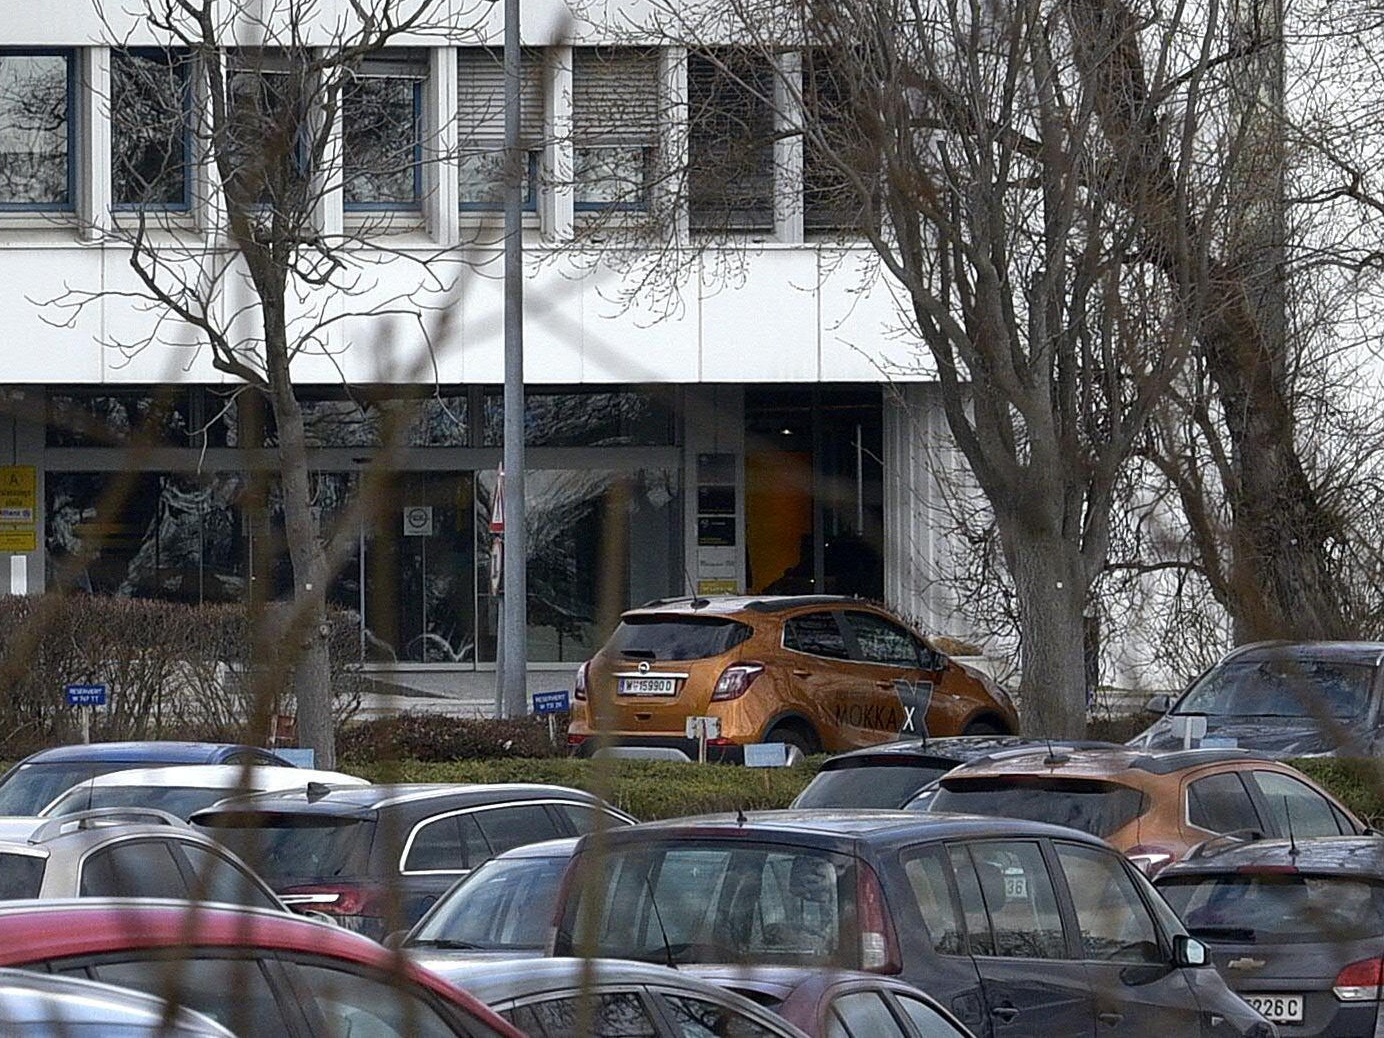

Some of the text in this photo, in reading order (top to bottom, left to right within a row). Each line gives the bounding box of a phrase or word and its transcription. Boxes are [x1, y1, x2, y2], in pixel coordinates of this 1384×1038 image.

[835, 704, 915, 731] MOKKA X
[1244, 999, 1298, 1016] 226 C
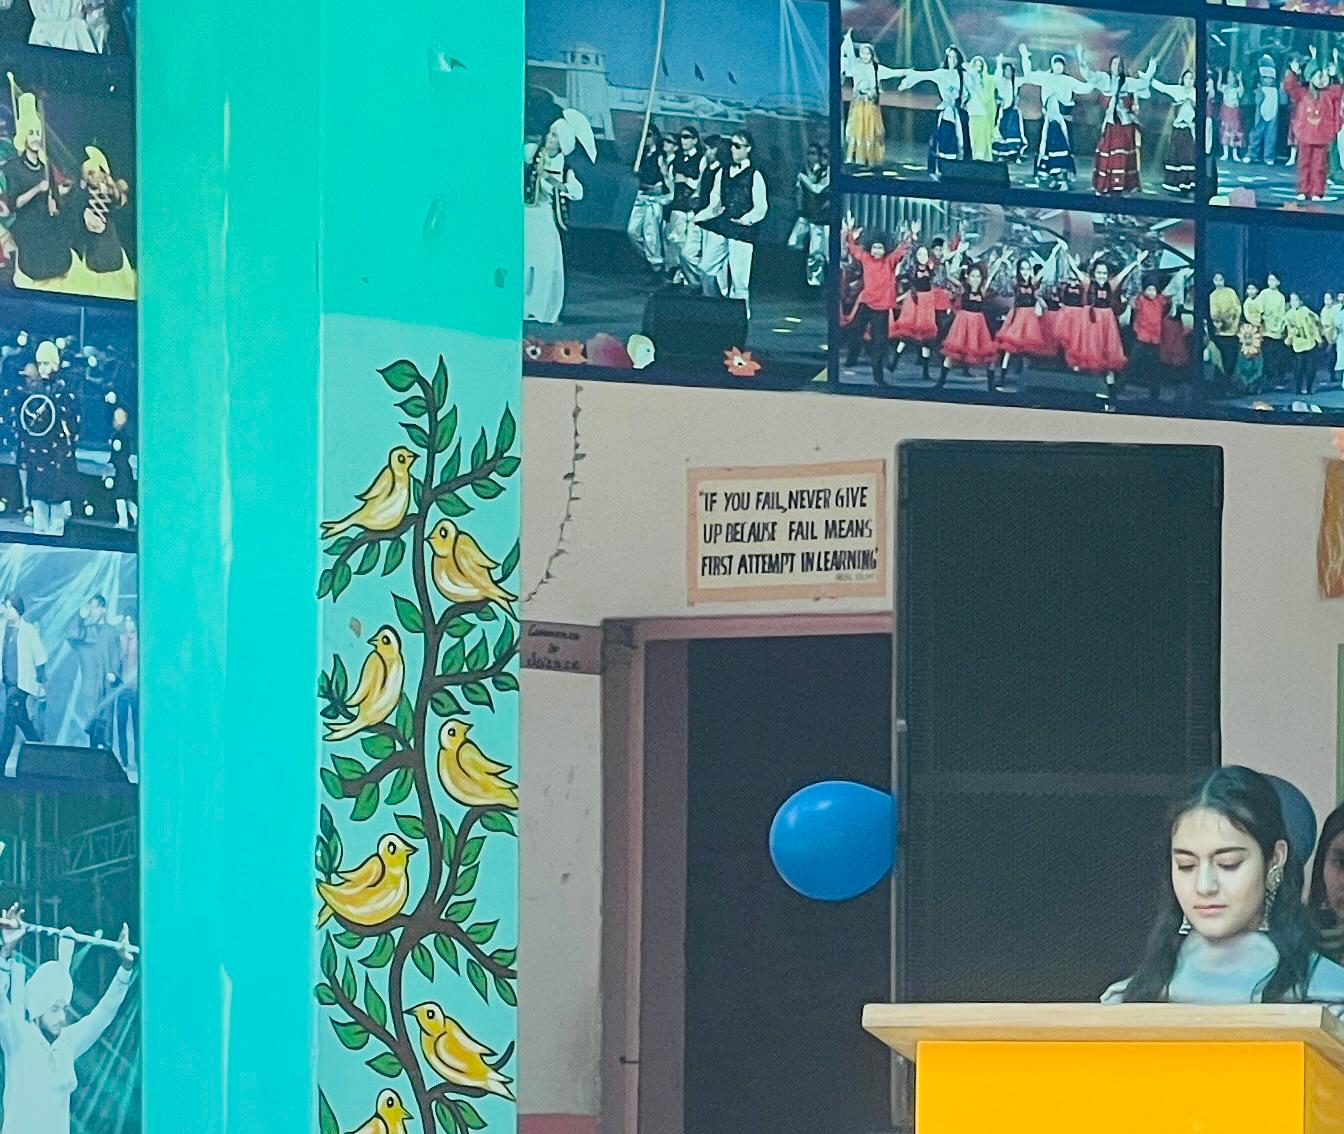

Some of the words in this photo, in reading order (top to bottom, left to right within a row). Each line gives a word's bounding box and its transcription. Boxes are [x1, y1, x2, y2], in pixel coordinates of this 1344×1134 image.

[724, 491, 750, 512] YOU
[835, 486, 868, 508] GIVE
[703, 523, 722, 544] UP
[725, 521, 777, 543] BECAUSE
[788, 520, 818, 541] FAIL
[824, 518, 872, 539] MEANS
[701, 555, 733, 576] FIRST
[737, 552, 795, 575] ATTEMPT
[801, 551, 815, 572] IN
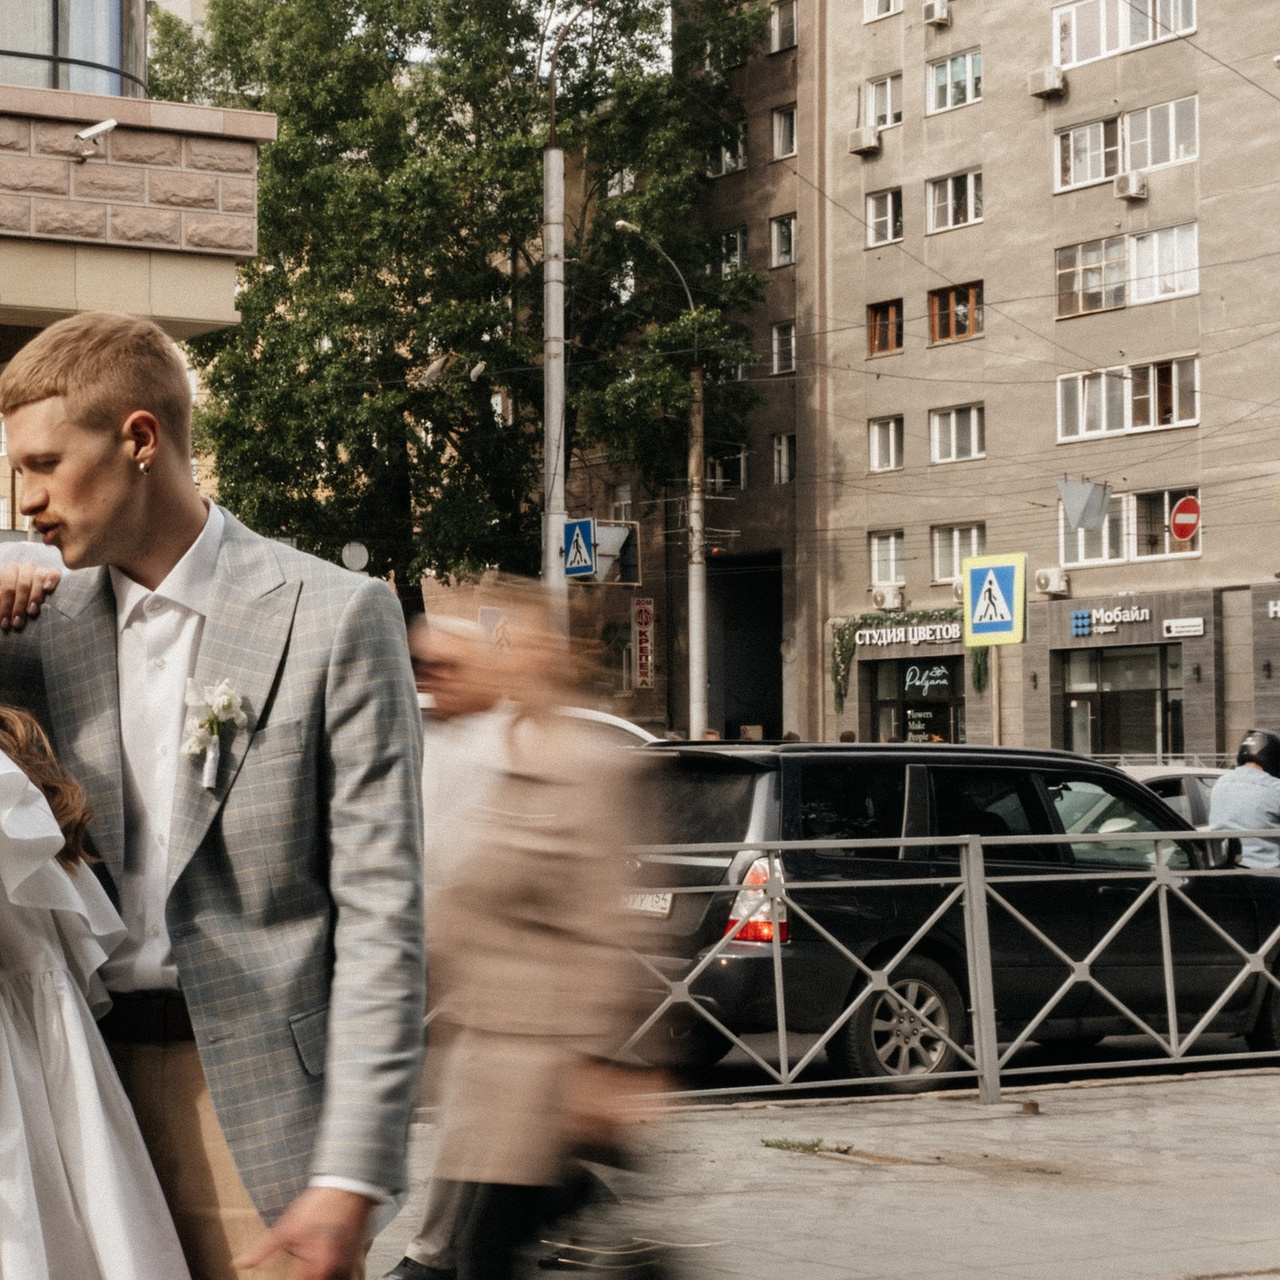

# [Work instructions]
Your job is to copy every entry exactly. Omit the pictures.

# [Solution]
Some of the text in this photo, in reading order (top to bottom, left to right within a row). Each line gives the bounding box of a phrase or word and its transcription. Boxes are [x1, y1, x2, y2], in pixel coordinates of this 1384×1038 image.

[835, 704, 915, 731] MOKKA X
[1244, 999, 1298, 1016] 226 C

Some of the words in this photo, in reading order (top to bottom, left to right within a row). Each line gives a word's bounding box and its transcription. Boxes are [x1, y1, x2, y2], in pixel coordinates of this 1344×1134 image.

[724, 491, 750, 512] YOU
[835, 486, 868, 508] GIVE
[703, 523, 722, 544] UP
[725, 521, 777, 543] BECAUSE
[788, 520, 818, 541] FAIL
[824, 518, 872, 539] MEANS
[701, 555, 733, 576] FIRST
[737, 552, 795, 575] ATTEMPT
[801, 551, 815, 572] IN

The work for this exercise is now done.